VANCOUVER, March 29, 2012 /PRNewswire/ - Calico Resources Corp. ("Calico" or the "Company") (TSX-V: CKB) (OTCQX: CVSHF) is pleased to announce that it has entered into an agreement with Seabridge Gold Inc. ("Seabridge") to amend the terms of the original option (the "Original Option") that Seabridge had granted Calico in April 2011. The amended terms (the "Amended Option") allow Calico to immediately acquire a 100% interest in the Grassy Mountain Property (the "Property") located in Oregon, USA.
Under the terms of the Original Option, Calico was to issue Seabridge 4 million common shares in April 2012 and a further 8 million common shares upon receipt of mining and operating permits. Seabridge also had the option to receive either a 10% NPI or $10 million payment upon delivery of a feasibility study.
Under the terms of the Amended Option, Calico will immediately acquire a 100% interest in the Property in consideration for (a) the issuance of 11,000,000 securities (in a to-be-determined combination of common shares and special warrants) and (b) the immediate granting of a 10% Net Profits Interest (an "NPI") to Seabridge. Each special warrant entitles the holder to convert it into one common share of Calico, without payment of any cash, subject to the number of common shares held by Seabridge after conversion being less than 20% of Calico's outstanding common shares. Furthermore, following Calico's completion of a feasibility study and following the Property being fully permitted and bonded, Seabridge will have the option of selling the 10% NPI to Calico for a one-time payment of $10 million. Calico has agreed that should Seabridge elect to sell the NPI for the $10 million payment and Calico not make payment, then Calico must return the Property to Seabridge.
The amended terms place Seabridge in a position similar to that under the terms of the Original Option agreement. Calico believes that prior to the full permitting and bonding, Calico will already have in place its financing for development of the mining project, and that such financing amount would include any required payment to Seabridge should Seabridge elect to sell the NPI for the $10 million payment.
These changes will be beneficial to both Calico and Seabridge. First, Calico will benefit from immediately acquiring full title to the Property. Second, Calico will benefit from a reduction in the total number of shares to be issued under the original terms of the Option Agreement with the re-negotiated number being 1,000,000 fewer. Third, Calico will benefit in that the amendment has been structured to ensure that the security issuances by Calico to Seabridge will not result in Seabridge owning 20% or more of the issued and outstanding shares of Calico unless approved by a majority of the shareholders. Seabridge would benefit from the early receipt of shares, special warrants and the NPI at this time.
Accordingly, Calico believes that the terms of the proposed amendment of the Grassy Mountain Original Option are very advantageous to Calico.
If any special warrants remain unexercised at the time of the next annual general meeting of Calico, Calico has agreed to ask its shareholders to approve the exercise of those outstanding special warrants and approve Seabridge then holding more than 20% of the issued shares in Calico.
Closing of this transaction is expected late April 2012.
The TSX Venture Exchange has advised that the amendment of the Grassy Mountain Option on the terms described above will not require Exchange approval.
On behalf of the Board,
William S. Wagener
President and CEO
Neither TSX Venture Exchange nor its Regulation Services Provider (as that term is defined in the policies of the TSX Venture Exchange) accepts responsibility for the adequacy or accuracy of this release.
Certain statements in this press release are forward-looking statements.

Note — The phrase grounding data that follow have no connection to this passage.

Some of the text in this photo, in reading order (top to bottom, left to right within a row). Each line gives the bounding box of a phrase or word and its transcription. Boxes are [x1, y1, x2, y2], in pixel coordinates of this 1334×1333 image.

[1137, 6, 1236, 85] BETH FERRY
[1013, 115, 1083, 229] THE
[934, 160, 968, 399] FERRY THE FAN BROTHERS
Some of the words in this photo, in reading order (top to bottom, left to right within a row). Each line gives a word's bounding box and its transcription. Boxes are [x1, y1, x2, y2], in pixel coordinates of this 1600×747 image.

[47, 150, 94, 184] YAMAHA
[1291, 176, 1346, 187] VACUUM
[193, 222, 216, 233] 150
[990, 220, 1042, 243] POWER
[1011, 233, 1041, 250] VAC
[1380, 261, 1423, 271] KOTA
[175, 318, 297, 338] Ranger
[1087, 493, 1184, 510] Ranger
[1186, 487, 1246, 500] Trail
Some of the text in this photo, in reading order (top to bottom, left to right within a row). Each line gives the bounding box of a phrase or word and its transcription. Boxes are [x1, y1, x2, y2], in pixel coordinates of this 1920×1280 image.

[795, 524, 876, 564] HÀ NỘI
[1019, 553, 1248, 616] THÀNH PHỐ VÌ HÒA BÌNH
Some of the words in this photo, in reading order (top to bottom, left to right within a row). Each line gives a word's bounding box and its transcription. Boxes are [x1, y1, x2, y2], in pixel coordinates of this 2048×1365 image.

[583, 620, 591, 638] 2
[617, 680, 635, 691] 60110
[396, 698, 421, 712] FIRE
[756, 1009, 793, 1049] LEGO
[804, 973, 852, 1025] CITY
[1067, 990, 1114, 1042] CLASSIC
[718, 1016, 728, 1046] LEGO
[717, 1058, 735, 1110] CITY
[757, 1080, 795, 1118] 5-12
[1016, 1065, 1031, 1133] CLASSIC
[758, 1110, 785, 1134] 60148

The reader is cautioned that assumptions used in the preparation of such information, although considered reasonable by Calico at the time of preparation, may prove to be incorrect. Forward-looking statements involve known and unknown risks, uncertainties and other factors which may cause the actual results, performance or achievements of Calico (including its subsidiaries) to be materially different from any future results, performance or achievements expressed or implied by the forward-looking statements. Such risks and uncertainties include, among others, our ability to achieve financing for the anticipated mining project and to satisfy any payments required to be made to Seabridge in our public disclosure, which is available on SEDAR at www.sedar.com, and which should be reviewed in conjunction with this document. Although Calico has attempted to identify important factors that could cause actual actions, events or results to differ materially from those described in forward-looking statements, there may be other factors that cause actions, events or results not to be as anticipated, estimated or intended. There can be no assurance that forward-looking statements will prove to be accurate, as actual results and future events could differ materially from those anticipated in such statements. Accordingly, readers should not place undue reliance on forward-looking statements. Calico expressly disclaims any intention or obligation to update or revise any forward-looking statements, whether as a result of new information, future events or otherwise, except in accordance with applicable securities laws.